1906年に後継車のヴォワチュレットB(1339cc、9ps)が発売されるまで、わずか55台しか製造されなかった。
シュコダは1995年以来フォルクスワーゲンの傘下で、ローリン&クレメントはトップグレードの名前として残されている。
ランチア・タイプ51(1907年)
ヴィンチェンツォ・ランチアはスポーツ・レーシングカーを製造すべく、1906年11月にランチアを設立した。1907年2月に同社発の自動車がテストを開始する予定だったが、工房で火事が発生し、設計図や工具とともに焼失してしまった。ランチアは7カ月に燃え残りから新しい車両を作り上げ、2544cc4気筒エンジンを積むタイプ51は100台以上が生産された。

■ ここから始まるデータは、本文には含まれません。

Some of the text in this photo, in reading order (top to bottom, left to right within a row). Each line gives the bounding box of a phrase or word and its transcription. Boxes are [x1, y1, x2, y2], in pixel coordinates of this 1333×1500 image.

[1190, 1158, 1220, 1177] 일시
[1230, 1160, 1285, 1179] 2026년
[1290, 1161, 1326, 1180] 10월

最も革新的な自動車メーカーだったものの、現在ランチアはまさに存亡の危機に瀕している。生産されているのはわずか1モデルのみで、このモデルも生産終了が予定されている。
アウディ・タイプA(1910年)
アウグスト・ホルヒは自分の名を冠した会社を1904年に設立したが、幹部から外されてしまい、新しい会社を立てた。1910年のことで、会社の名をアウディといった。初めてのモデルはタイプAで、2612ccの4気筒エンジンを搭載し、タイプBが1911年に登場するまでわずか140台が生産された。

現在のアウディはフォルクスワーゲンの傘下で、世界を代表するラグジュアリーブランドのひとつだ。2017年には190万台を生産した。
アルファ・ロメオ24HP(1910年)
1910年に設立されたアノニマ・ロンバルダ・ファブリカ・オートモビリはよりキャッチーなALFAという名に改名された。ニコラロメオが1915年に会社を継承した後、1918年にアルファ・ロメオという名前が生まれた。初のモデルはトーピードー20-30だったが、ALFA社が初めて販売したモデルは4.1ℓの24HPだった。このモデルは1914年まで生産された。

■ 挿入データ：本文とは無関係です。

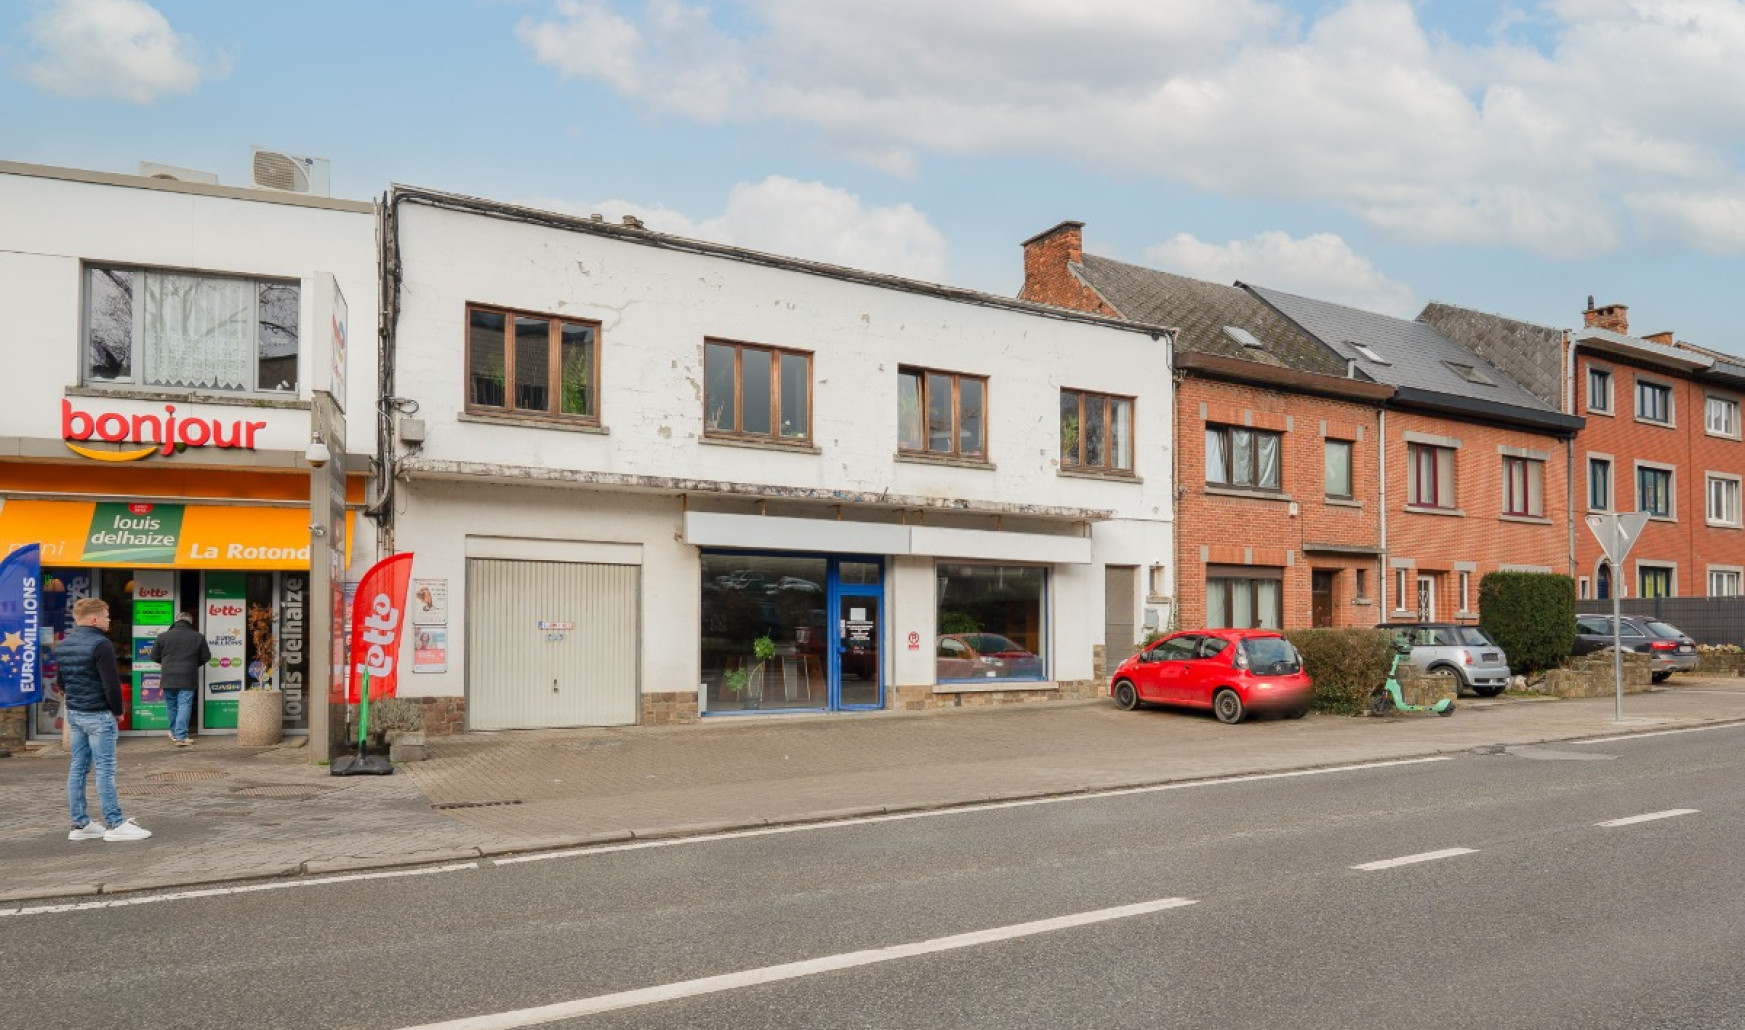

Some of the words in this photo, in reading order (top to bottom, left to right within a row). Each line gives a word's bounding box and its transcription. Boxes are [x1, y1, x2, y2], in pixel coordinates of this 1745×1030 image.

アルファロメオはその後何十年もの間、刺激的なモデルを生み出すメーカーという評判を得ていた。1986年にフィアットから買収され、源内はフィアット・クライスラーオートモビルの一員だ。4ドアセダンのジュリアなどを販売している。
モーガン(1910年)
ハリー・(HFS)・モーガンはマルバーンにガレージを開き、クルマの販売整備業を始めた。1909年には個人で使用するため、自分で車を作り上げた。

そして1年後、三輪モデルの生産を始めた。しかし、このモデルはひとり乗りだったため人気が出ず、1911年にはふたり乗りと4人乗りから選択できるようになった。961ccJAPVツインエンジンを搭載していた。
シボレー・タイプC/クラシックシックス(1913年)
ルイス・シボレーは1911年に会社を設立したが、自動車の販売を開始したのは1913年だった。ニューヨーク・オートショーで公開されたシボレー・タイプC(クラシックシックス)は6気筒エンジンと3速ギアボックスを搭載することで一躍有名になった。

しかし、競合モデルと比べるとやはり高価で、4気筒モデルの追加を余儀なくされた。
シボレーは1917年にGMの傘下に入り、現在はGMの売り上げの多くを担っている。2017年には414万台を販売した。
ダッジ(1914年)
ジョン・ダッジとホレス・ダッジは1901年に自転車部品の販売店を開き、1903年には自動車部品の生産を始めた。その部品の多くはGM車に採用されるものだったが、GMが次第に部品の内製化を進めたため、1914年には自社で開発した自動車の販売を始めた。

5人乗りのツアラーのみが販売され、35psを発揮する3480cc4気筒エンジンに3速ギアが組み合わされていた。1916年には米国で4番目の自動車メーカーになり、年間7万台以上を生産した。
ダッジは1928年にクライスラーに売却され、いまではフィアット・クライスラー・オートモビルの一員となっている。
アストン マーティン・コール・スカットル(1915年)
アストン マーティン初の自動車であるコール・スカットルは1915年に開発された。第一次世界大戦が終わると、さらに3つのプロトタイプが生産され、そのうちのひとつはバニーと呼ばれていた。しかし、それらのモデルが実際に販売されることはなかった。
1921年になってコール・スカットルの販売が開始された。これは1496ccの4気筒エンジンを積むモデルだ。その後会社が倒産するまでに、わずか69台が生産された。

写真のクルマはシャシナンバー3の現存する最古のアストン マーティンで、アストン マーティン・ヘリテージ・トラストが所有している。
アストン マーティンは複数の会社のもとを渡り歩いた後、1994年から2007年まではフォードの傘下に入っていた。DB7やDB9がヒットし、生産台数を大きく伸ばした。その後投資家によって買収され、2018年10月には独立企業としてロンドン証券取引所に上場した。